> **Records to process**
---*---

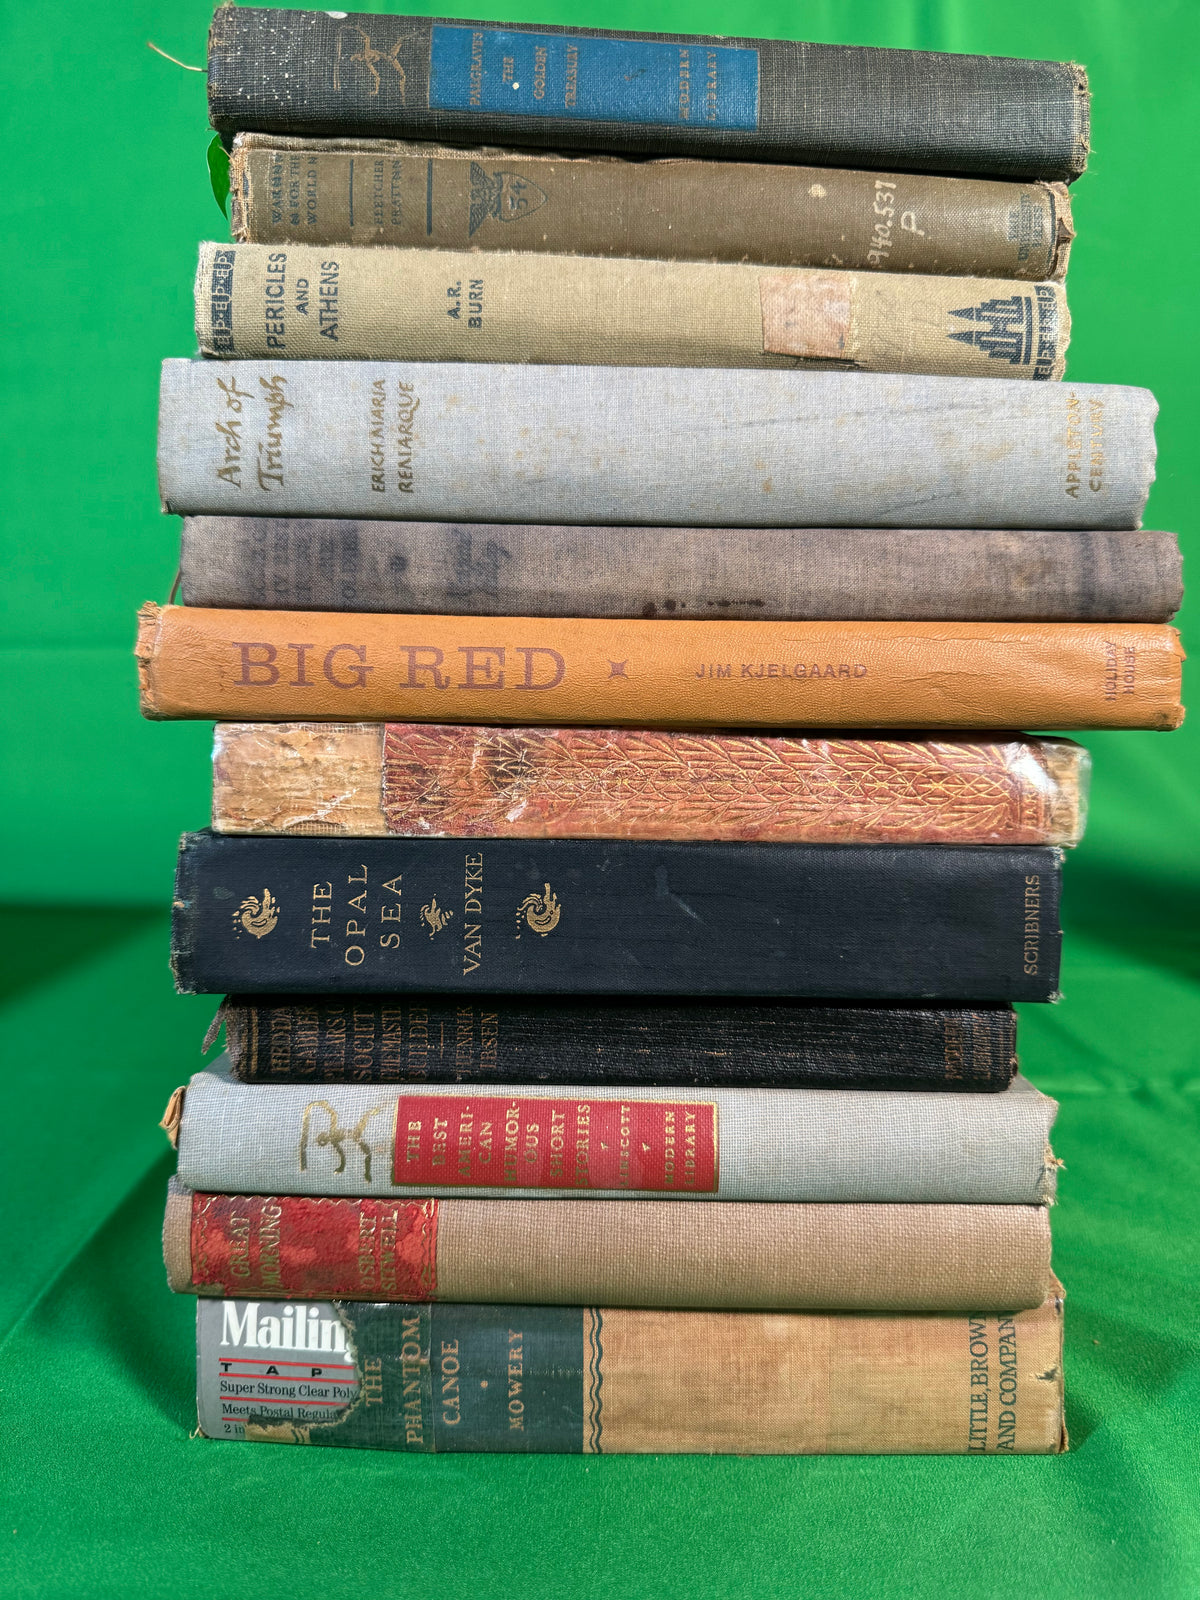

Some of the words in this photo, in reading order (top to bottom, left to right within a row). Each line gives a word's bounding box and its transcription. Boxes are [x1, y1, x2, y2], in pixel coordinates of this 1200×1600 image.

[503, 57, 515, 83] THE
[533, 46, 547, 99] GOLDEN
[565, 44, 578, 108] TREASURY
[679, 49, 690, 120] MODERN
[706, 51, 718, 121] LIBRARY
[373, 160, 384, 225] FLETCHER
[508, 181, 528, 211] 54
[901, 211, 925, 236] P
[266, 252, 287, 350] PERICLES
[296, 278, 309, 315] AND
[319, 261, 339, 342] ATHENS
[447, 281, 461, 319] A.R.
[468, 279, 484, 328] BURN
[217, 376, 255, 413] of
[215, 422, 242, 489] Arch
[257, 375, 295, 491] Triumph
[370, 442, 385, 493] ERICH
[232, 641, 376, 690] BIG
[399, 645, 567, 691] RED
[695, 664, 731, 679] JIM
[740, 664, 868, 679] KJELGAARD
[1104, 641, 1117, 701] HOLIDAY
[1123, 646, 1135, 695] HOUSE
[310, 880, 333, 949] THE
[379, 874, 403, 949] SEA
[463, 851, 484, 915] DYKE
[344, 864, 369, 967] OPAL
[1024, 875, 1040, 976] SCRIBNERS
[462, 923, 482, 976] VAN
[270, 1005, 291, 1074] HEDDA
[353, 1005, 375, 1081] SOCIET
[381, 1004, 402, 1052] MASTE
[456, 1005, 474, 1076] HENRIK
[479, 1011, 499, 1070] IBSEN
[407, 1120, 422, 1163] THE
[432, 1117, 448, 1166] BEST
[478, 1121, 493, 1164] CAN
[524, 1122, 539, 1163] OUS
[550, 1109, 565, 1177] SHORT
[575, 1104, 590, 1185] STORIES
[620, 1105, 630, 1186] LINSCOTT
[665, 1110, 675, 1184] MODERN
[685, 1110, 696, 1185] LIBRARY
[230, 1210, 250, 1278] GREAT
[259, 1203, 282, 1288] MORNING
[358, 1211, 377, 1288] OSBERT
[380, 1209, 398, 1291] SITWELL
[220, 1380, 255, 1395] Super
[257, 1382, 296, 1398] Strong
[298, 1384, 329, 1398] Clear
[364, 1356, 383, 1407] THE
[401, 1315, 424, 1444] PHANTOM
[441, 1339, 461, 1425] CANOE
[508, 1328, 524, 1432] MOWERY
[998, 1313, 1018, 1406] COMPAN
[222, 1403, 256, 1416] Meets
[260, 1406, 294, 1418] Postal
[224, 1423, 232, 1434] 2
[968, 1388, 991, 1452] LITTLE,
[996, 1410, 1016, 1451] AND

---*---

> **Task directions**
All entries are to be duplicated exactly, with the pictures left out.

> **Solution for this task**
Some of the words in this photo, in reading order (top to bottom, left to right within a row). Each line gives a word's bounding box and its transcription. Boxes are [x1, y1, x2, y2], in pixel coordinates of this 1200×1600 image.

[503, 57, 515, 83] THE
[533, 46, 547, 99] GOLDEN
[565, 44, 578, 108] TREASURY
[679, 49, 690, 120] MODERN
[706, 51, 718, 121] LIBRARY
[373, 160, 384, 225] FLETCHER
[508, 181, 528, 211] 54
[901, 211, 925, 236] P
[266, 252, 287, 350] PERICLES
[296, 278, 309, 315] AND
[319, 261, 339, 342] ATHENS
[447, 281, 461, 319] A.R.
[468, 279, 484, 328] BURN
[217, 376, 255, 413] of
[215, 422, 242, 489] Arch
[257, 375, 295, 491] Triumph
[370, 442, 385, 493] ERICH
[232, 641, 376, 690] BIG
[399, 645, 567, 691] RED
[695, 664, 731, 679] JIM
[740, 664, 868, 679] KJELGAARD
[1104, 641, 1117, 701] HOLIDAY
[1123, 646, 1135, 695] HOUSE
[310, 880, 333, 949] THE
[379, 874, 403, 949] SEA
[463, 851, 484, 915] DYKE
[344, 864, 369, 967] OPAL
[1024, 875, 1040, 976] SCRIBNERS
[462, 923, 482, 976] VAN
[270, 1005, 291, 1074] HEDDA
[353, 1005, 375, 1081] SOCIET
[381, 1004, 402, 1052] MASTE
[456, 1005, 474, 1076] HENRIK
[479, 1011, 499, 1070] IBSEN
[407, 1120, 422, 1163] THE
[432, 1117, 448, 1166] BEST
[478, 1121, 493, 1164] CAN
[524, 1122, 539, 1163] OUS
[550, 1109, 565, 1177] SHORT
[575, 1104, 590, 1185] STORIES
[620, 1105, 630, 1186] LINSCOTT
[665, 1110, 675, 1184] MODERN
[685, 1110, 696, 1185] LIBRARY
[230, 1210, 250, 1278] GREAT
[259, 1203, 282, 1288] MORNING
[358, 1211, 377, 1288] OSBERT
[380, 1209, 398, 1291] SITWELL
[220, 1380, 255, 1395] Super
[257, 1382, 296, 1398] Strong
[298, 1384, 329, 1398] Clear
[364, 1356, 383, 1407] THE
[401, 1315, 424, 1444] PHANTOM
[441, 1339, 461, 1425] CANOE
[508, 1328, 524, 1432] MOWERY
[998, 1313, 1018, 1406] COMPAN
[222, 1403, 256, 1416] Meets
[260, 1406, 294, 1418] Postal
[224, 1423, 232, 1434] 2
[968, 1388, 991, 1452] LITTLE,
[996, 1410, 1016, 1451] AND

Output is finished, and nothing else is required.